Return the listing in full and exactly, but without a single picture.

Available data
------------------------------
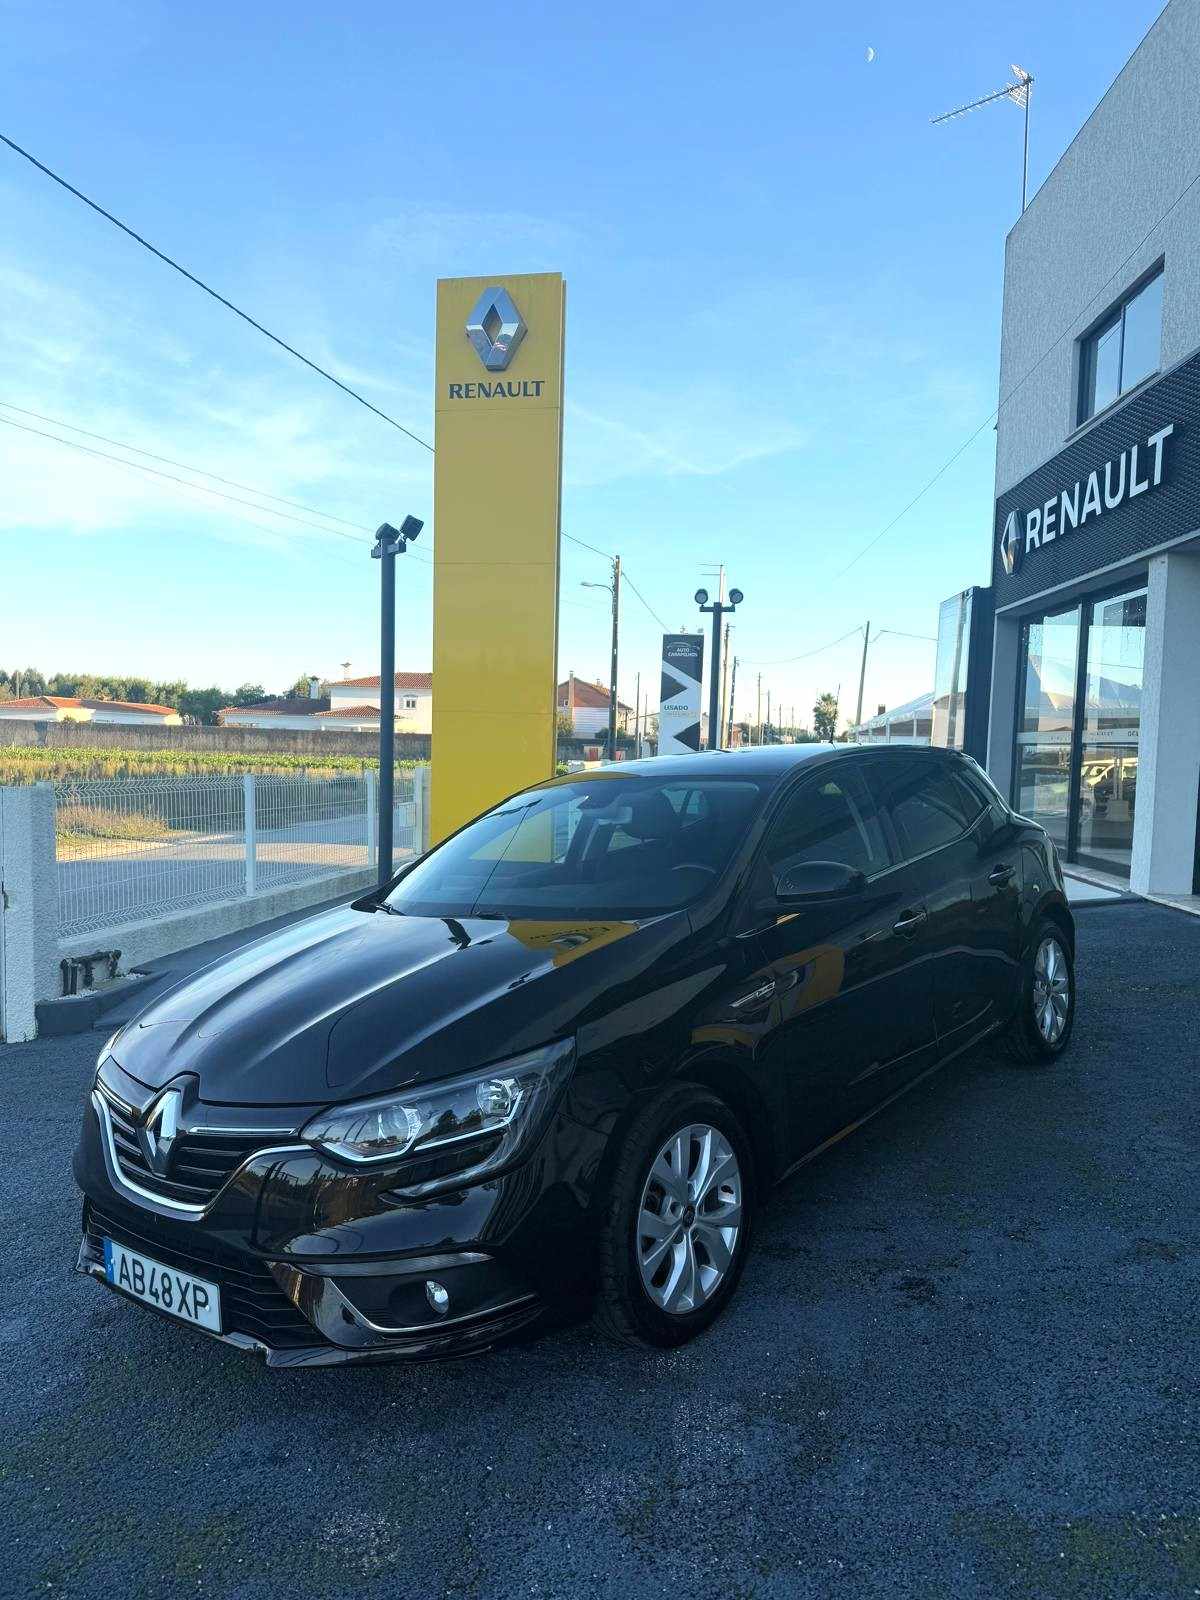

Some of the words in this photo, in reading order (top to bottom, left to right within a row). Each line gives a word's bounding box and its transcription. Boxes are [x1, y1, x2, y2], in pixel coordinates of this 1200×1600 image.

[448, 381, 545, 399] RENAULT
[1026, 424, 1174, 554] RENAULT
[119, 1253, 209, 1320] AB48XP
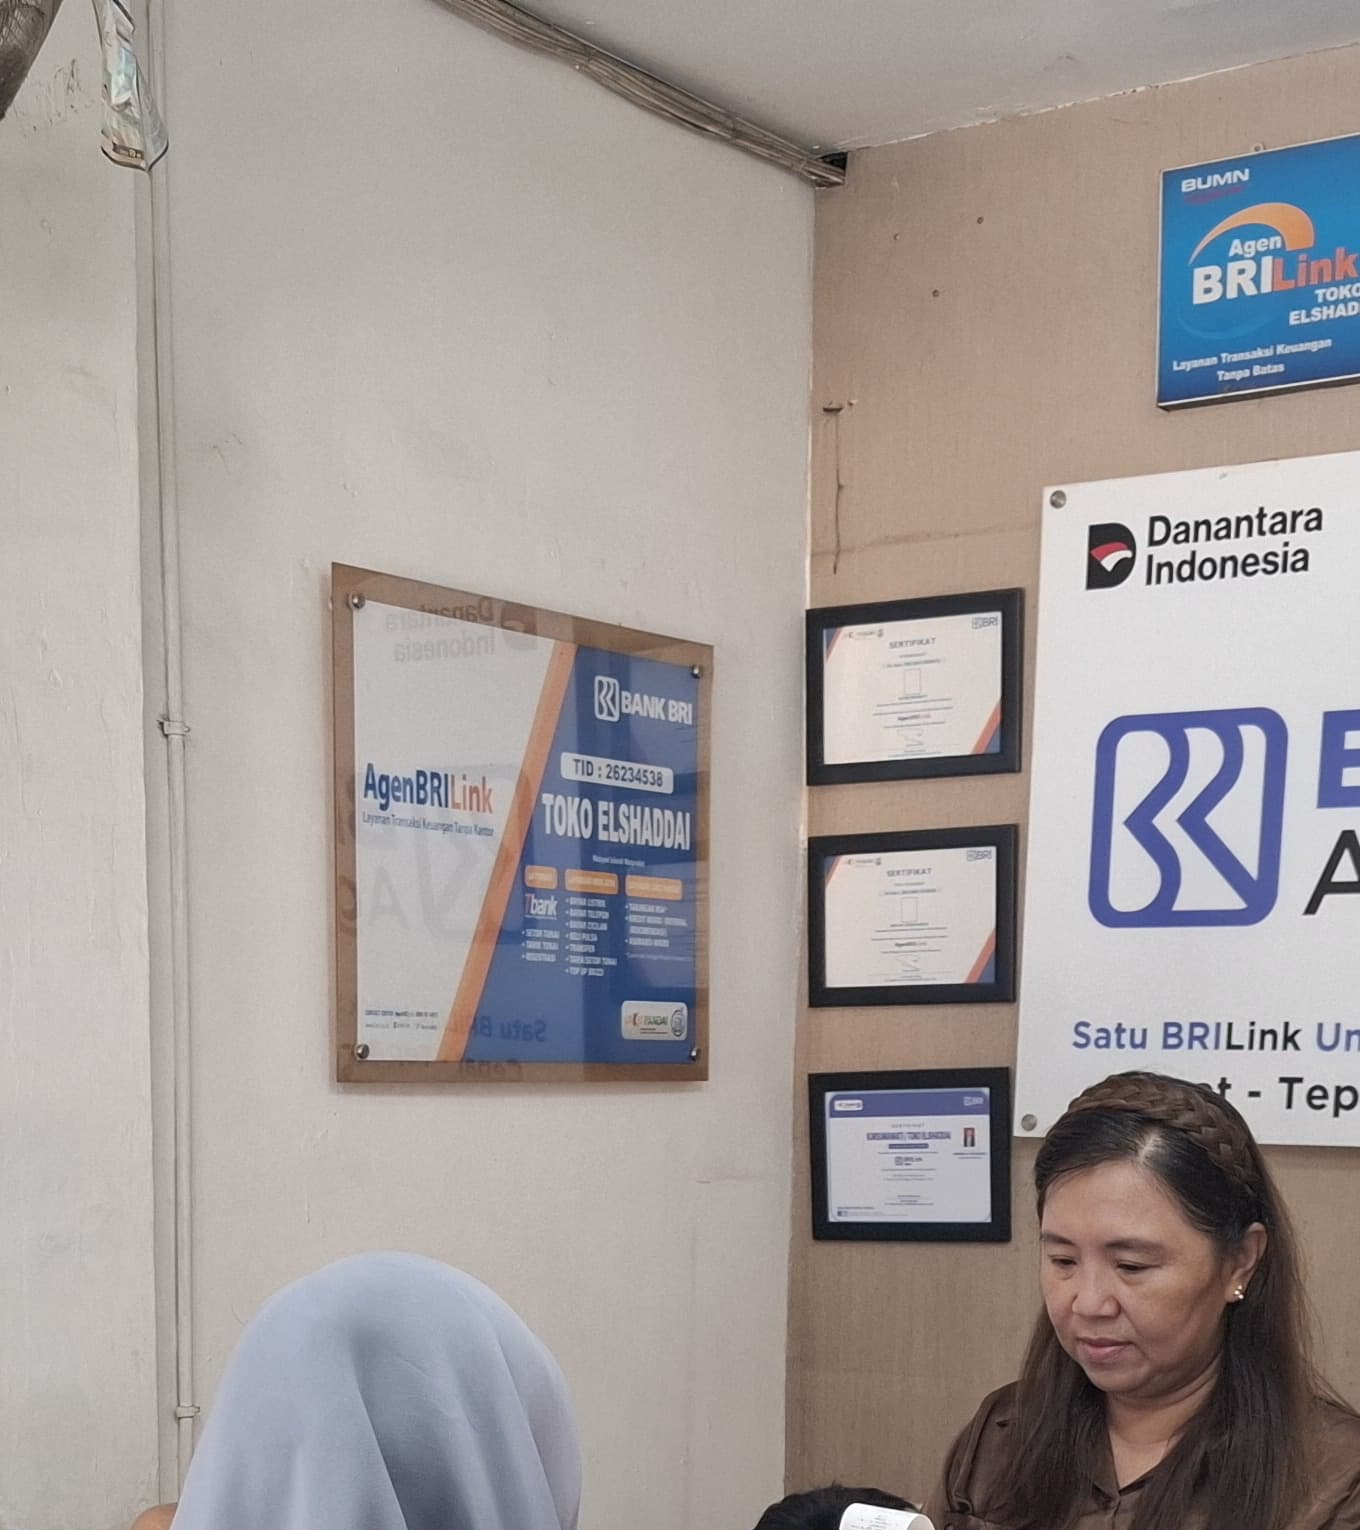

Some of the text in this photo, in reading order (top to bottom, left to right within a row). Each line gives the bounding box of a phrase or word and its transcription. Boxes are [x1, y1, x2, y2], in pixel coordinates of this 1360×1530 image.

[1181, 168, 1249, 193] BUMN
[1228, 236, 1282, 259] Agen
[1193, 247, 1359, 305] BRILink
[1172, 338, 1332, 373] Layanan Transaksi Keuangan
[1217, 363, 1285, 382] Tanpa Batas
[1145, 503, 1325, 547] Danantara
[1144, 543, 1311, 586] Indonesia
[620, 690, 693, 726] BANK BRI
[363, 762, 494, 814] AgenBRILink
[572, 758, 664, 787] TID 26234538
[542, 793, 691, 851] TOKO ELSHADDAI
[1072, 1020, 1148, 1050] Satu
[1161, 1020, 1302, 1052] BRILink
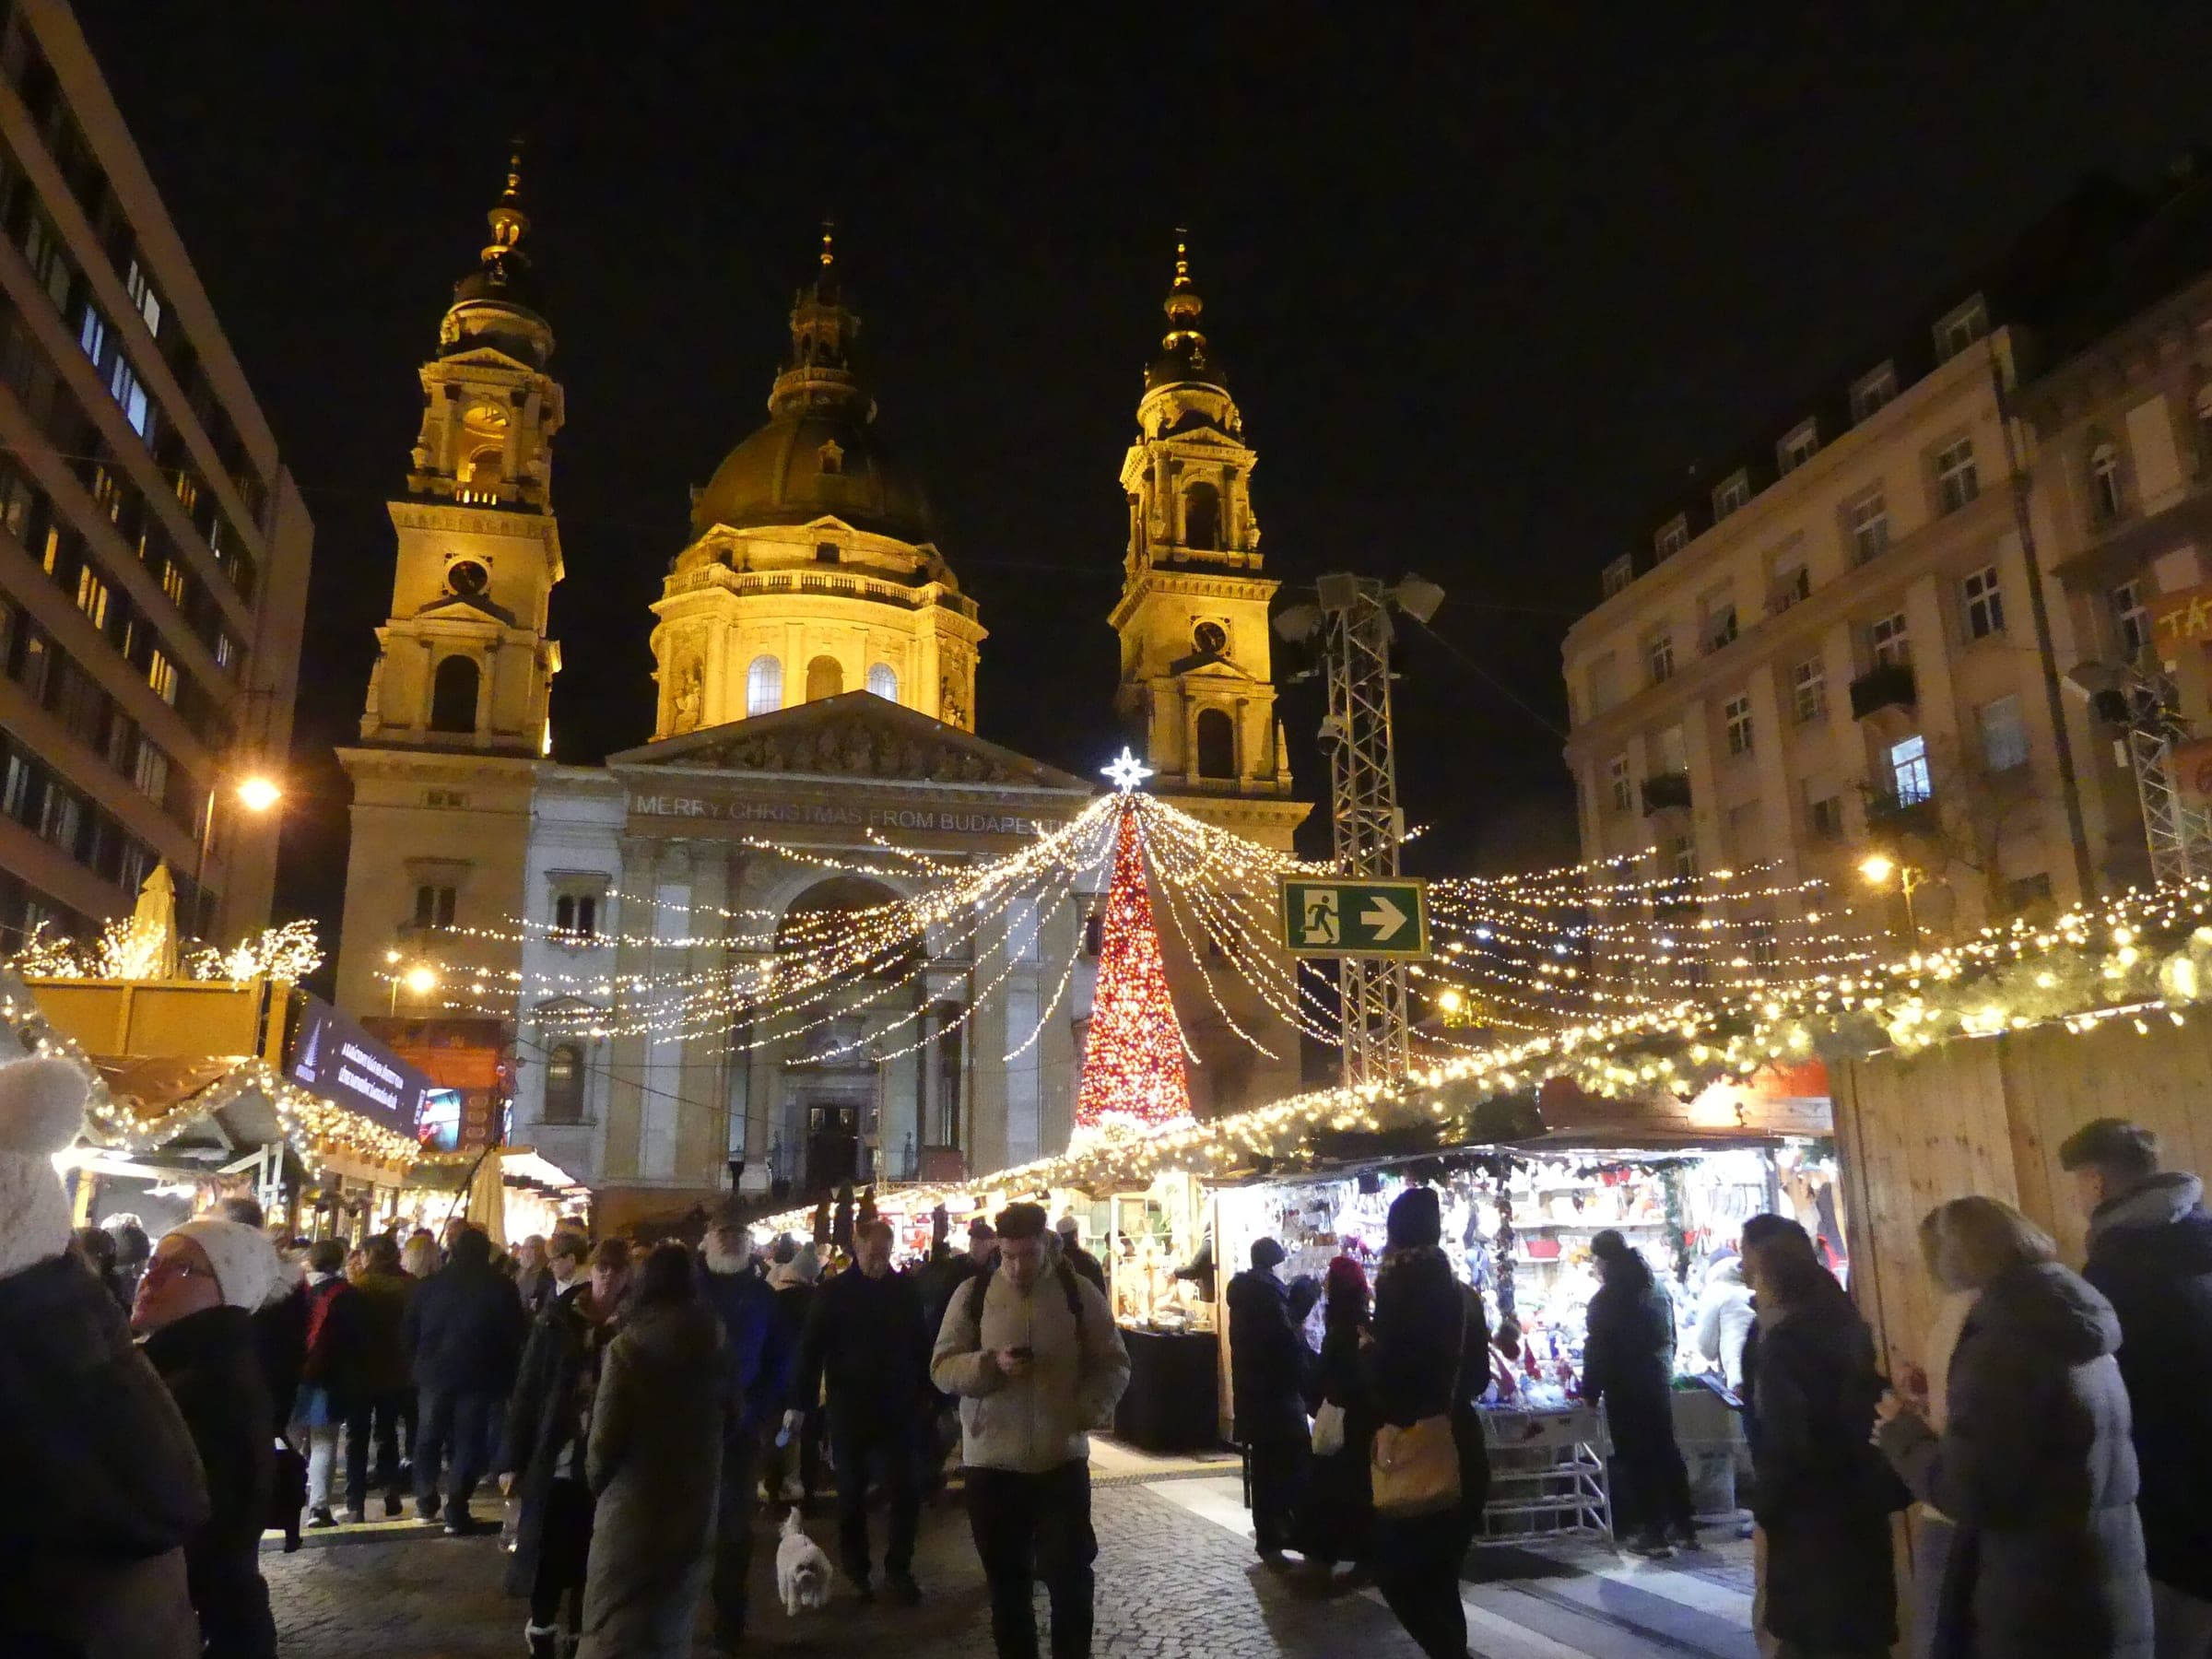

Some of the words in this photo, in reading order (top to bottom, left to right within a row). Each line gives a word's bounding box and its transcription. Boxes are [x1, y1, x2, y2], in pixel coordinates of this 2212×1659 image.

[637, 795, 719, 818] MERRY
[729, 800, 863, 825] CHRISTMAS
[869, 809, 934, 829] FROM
------------------------------
Expected answer
Some of the words in this photo, in reading order (top to bottom, left to right within a row). Each line gives a word's bounding box and its transcription. Boxes are [x1, y1, x2, y2], in pixel coordinates of this 1200×1600 image.

[448, 381, 545, 399] RENAULT
[1026, 424, 1174, 554] RENAULT
[119, 1253, 209, 1320] AB48XP

Some of the text in this photo, in reading order (top to bottom, left to right within a row). Each line gives the bounding box of a phrase or word and its transcription. Boxes are [x1, y1, x2, y2], in pixel coordinates of this 1360×1530 image.

[1181, 168, 1249, 193] BUMN
[1228, 236, 1282, 259] Agen
[1193, 247, 1359, 305] BRILink
[1172, 338, 1332, 373] Layanan Transaksi Keuangan
[1217, 363, 1285, 382] Tanpa Batas
[1145, 503, 1325, 547] Danantara
[1144, 543, 1311, 586] Indonesia
[620, 690, 693, 726] BANK BRI
[363, 762, 494, 814] AgenBRILink
[572, 758, 664, 787] TID 26234538
[542, 793, 691, 851] TOKO ELSHADDAI
[1072, 1020, 1148, 1050] Satu
[1161, 1020, 1302, 1052] BRILink

Some of the words in this photo, in reading order (top to bottom, left to right within a row). Each line gives a word's bounding box and its transcription. Boxes are [x1, y1, x2, y2], in pixel coordinates of this 2212×1659 image.

[637, 795, 719, 818] MERRY
[729, 800, 863, 825] CHRISTMAS
[869, 809, 934, 829] FROM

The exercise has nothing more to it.